Without human migration our makeup as a people cannot be explained. From the first inhabitants who arrive from the arc of the Antilles to the first half of the XX century, our country has been characterized by immigration. That trend took a 180 degree turn in the second half of the century. Our emigration, in contrast to the massive exoduses in other parts of the world, is a sustained and growing process that began in 1959, continued with Operation Peter Pan, with the departures through the ports of Camarioca, Mariel and the Guantanamo Naval Base and has continued in different forms that go from navigating an inner tube to abandoning a foreign mission, a phenomenon sharpened by the lack of any right to freely enter and leave the country.
The duration of this phenomenon, the sociological diversity of the emigrants and the damage to the nation are sufficient reasons to understand that the fundamental cause of this situation lies in the inability of the current model to satisfy the needs of the population. For this reason, the individual must be made the end and not the means, implying that salaries and property must be restructured, and civil rights implemented as well.
Repeating the words of Jose Marti: May all who want the nation to prosper help to establish things in the country so that every man may work in an active job that contributes to his personal independence.
January 20 2011
The difficulty in understating what is happening in Cuba in the area of social change relates to the peculiarities of the current economic reforms. While the Guidelines approved by the VI Communist Party Congress have begun to be implemented, the government remains stuck in other areas, without which it is impossible to get results. This contradiction, which applies to the whole group of Guidelines, shows up particularly in the area of international relations.
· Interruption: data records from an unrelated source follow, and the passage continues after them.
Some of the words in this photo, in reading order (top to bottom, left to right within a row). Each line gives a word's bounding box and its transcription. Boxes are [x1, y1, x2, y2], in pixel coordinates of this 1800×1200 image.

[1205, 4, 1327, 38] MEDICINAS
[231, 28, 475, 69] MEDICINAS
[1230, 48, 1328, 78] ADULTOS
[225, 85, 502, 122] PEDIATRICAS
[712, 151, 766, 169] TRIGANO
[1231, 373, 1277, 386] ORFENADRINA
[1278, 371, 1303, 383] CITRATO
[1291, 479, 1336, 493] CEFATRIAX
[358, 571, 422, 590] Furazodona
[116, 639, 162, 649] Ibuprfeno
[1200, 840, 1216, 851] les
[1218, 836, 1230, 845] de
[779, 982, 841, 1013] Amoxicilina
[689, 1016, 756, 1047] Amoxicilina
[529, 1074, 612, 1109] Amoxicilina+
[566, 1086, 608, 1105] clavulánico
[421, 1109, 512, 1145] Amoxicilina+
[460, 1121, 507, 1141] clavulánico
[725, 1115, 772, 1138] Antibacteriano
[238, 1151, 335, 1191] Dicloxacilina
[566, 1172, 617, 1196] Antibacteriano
Due to the systemic nature of social phenomena, any manifestation of the multiple contradictions contained in the approved Guidelines will be sufficient to lead to failure unless the rules of the game are first changed. I will refer to only two of them: 1- the need for financing and 2- the interest of the workers.
The first, because of the level of deterioration, obsolescence and destruction of the means of production in productive sectors, from agriculture and fishing to industry, requires an amount of investment that the Cuban state by itself cannot manage.
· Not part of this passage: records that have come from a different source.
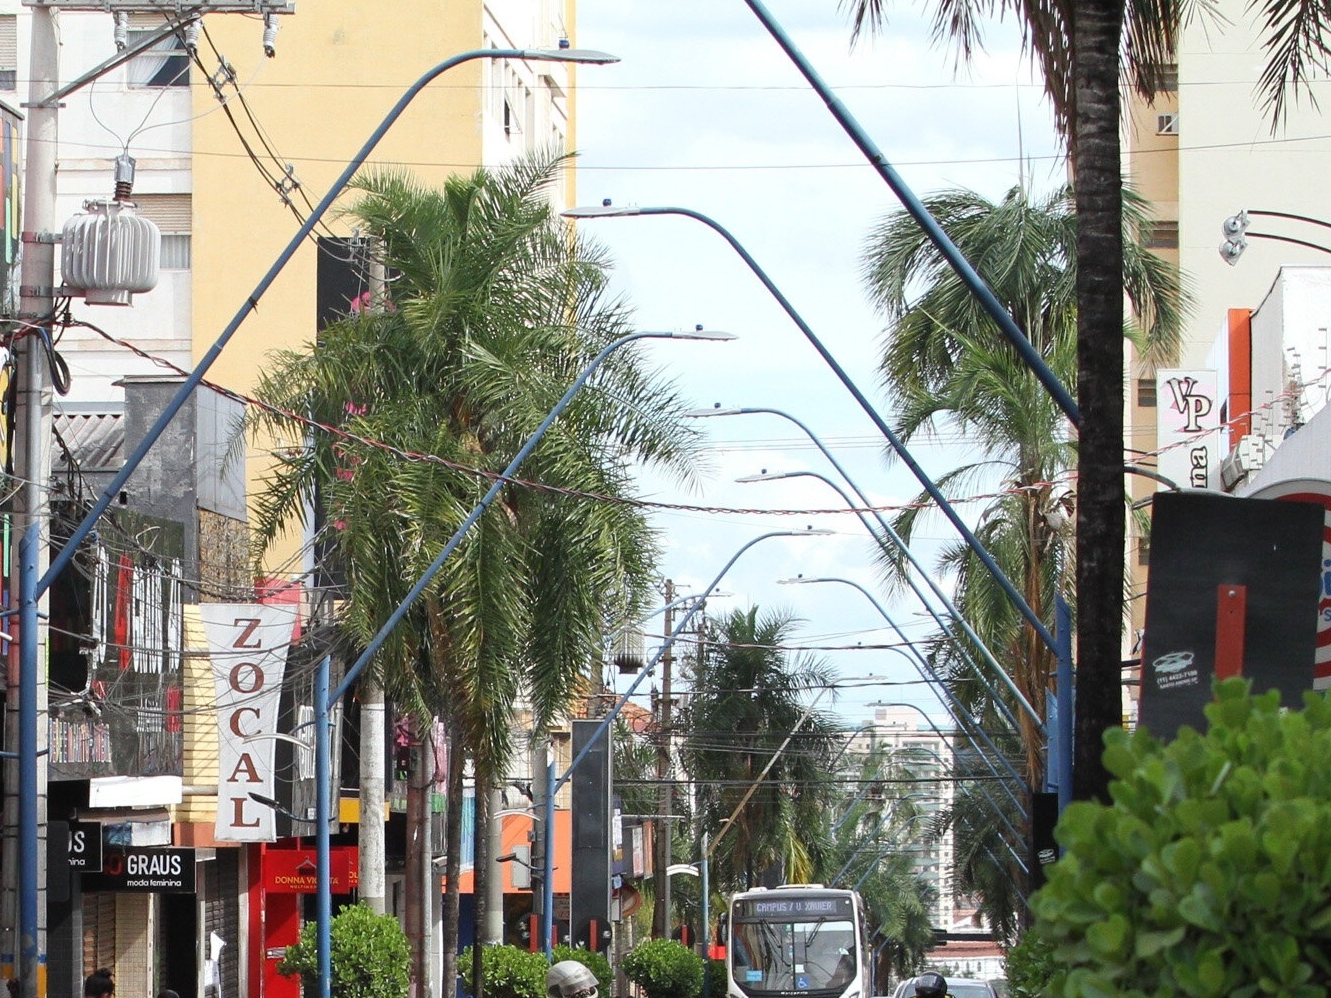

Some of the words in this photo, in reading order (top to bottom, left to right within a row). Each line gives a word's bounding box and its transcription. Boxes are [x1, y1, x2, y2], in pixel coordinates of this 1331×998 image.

[1166, 377, 1213, 433] VP
[226, 618, 265, 829] ZOCAL
[127, 854, 182, 876] GRAUS
[127, 879, 149, 887] moda
[149, 879, 182, 887] feminina
[274, 876, 305, 884] DONNA
[756, 902, 787, 912] CAMPUS
Without discounting the ideological solidarity of the Venezuelan government with Cuba, the great world-level financial centers demand democratic changes in Cuba as a prerequisite for the needed financial support. Among these are the European Union and the United States.
This shows the need for relaunching an internal human rights and civil liberties policy aimed at improving conditions for Cubans and, at the same time, changing Cuba’s image in this respect. This is what was achieved, partially, by the freeing of the political prisoners and the approval of the Guidelines. In addition to the insufficiency of these two measures, the decision to keep strict control over all dissident activities inside the country has led to a spiral of repression whose result conflicts with the need for external financing.
In the end, just before the suspension of the European Union’s Commom Position and the Carter visit to Havana as an indication of the beginning of a conversation with the neighbor to the North, the repressive internal policies have once again removed the possibility of external financing. As a result, Europe maintains its common position and the United States applauds the changes but considers them insufficient.
The other means of financing, insufficient due to the greatness of the needs but still considerable, is the possibility of allowing Cubans to participate as business owners in the changes that are taking place, so that part of the remittances from abroad are converted into capital. But this requires a substantial change in the totalitarian mentality of Father State, who insists that Cubans, inside or outside the country, only participate in what he decides and in the way he deems best.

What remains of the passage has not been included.